Well, that’s what they have so I’d like to replace these with good old lead terminals but I’m wondering if the hive can help me pick the best route.
Also, someone hooked up a power wire to the negative terminal. Haha gonna try and figure out what it was supposed to do (maybe they wanted an extra ground and that was the only wire they had??).
As you can see there isn’t much slack in the wire to let me cut back the bad and reach the terminal. I’m thinking about buying terminals with pigtails and crimping them onto the stock wires that I’d cut back
How about switching to a side-post-terminal battery?
Toyota uses very similar terminals. I don't know about FCA but the Toyota ones have been superceded and the new parts are more robust and made of better materials. Don't know if that is helpful.
Theres a kind at the parts store that has brass connectors that clamp to the factory cable with an allen plug, extendin the cable and replacing the battery terminals. Maube the droid your looking for?

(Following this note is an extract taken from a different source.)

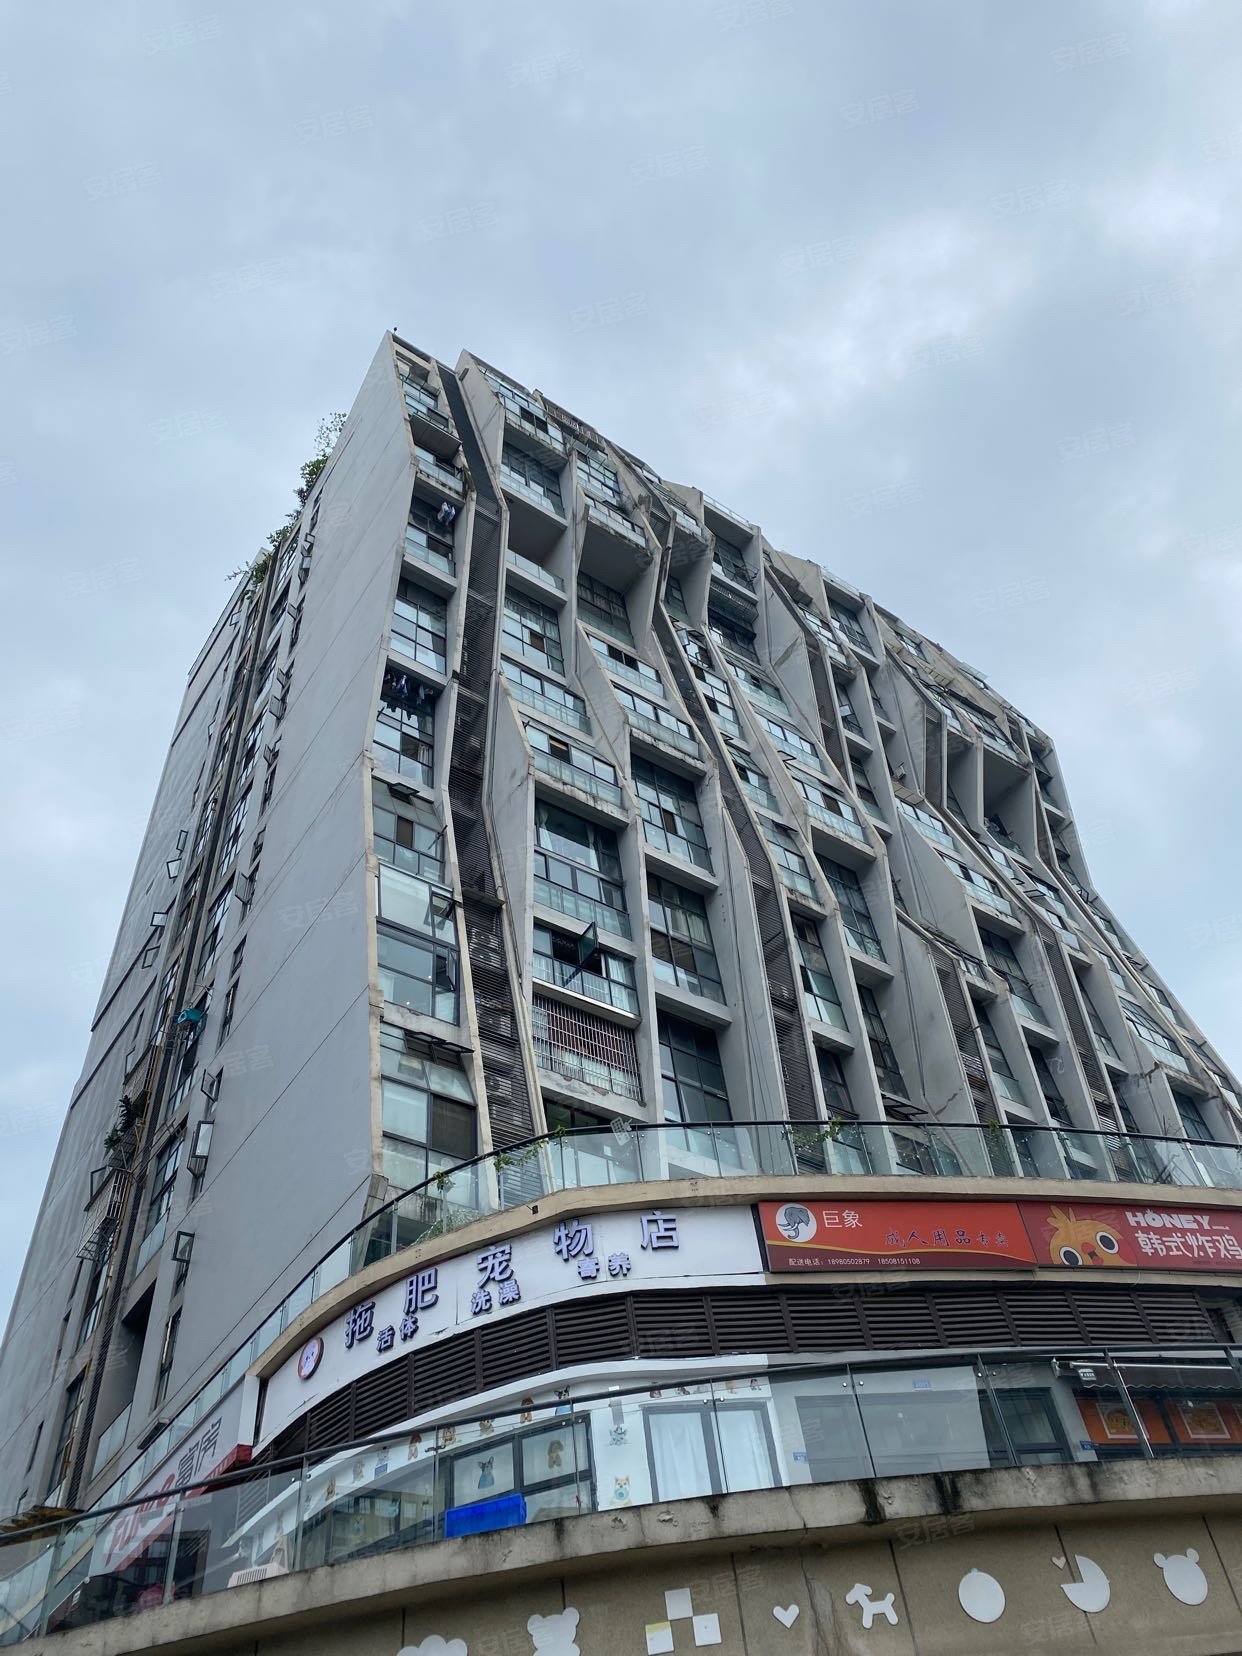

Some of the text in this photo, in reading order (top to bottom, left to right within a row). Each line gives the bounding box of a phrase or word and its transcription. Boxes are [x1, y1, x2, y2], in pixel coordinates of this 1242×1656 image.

you could do a top post adaptor bolted to a replacement side terminal. that should get you the 90* over the side of the battery you're needing
You guys rock. I’m not a fan of a bunch of adapters but I think that would work swimmingly. Better than the hoseclamp solution I put on for the interim
I agree with the top-to-side converters. Then I would get some of these. Use a vise to crush them, then use a torch to throw a bunch of solder in it. Shrink tube and done. Really clean install. I did this exact thing in my boat because I didn't need a huge marine deep cycle battery. The only thing it ever does is start a 4-cyl, so I just did a cheap battery and used the converters.
ChasH
Reader
6/5/19 5:17 p.m.
I'd clean up the terminals and leave them in place. What is the problem these terminals cause?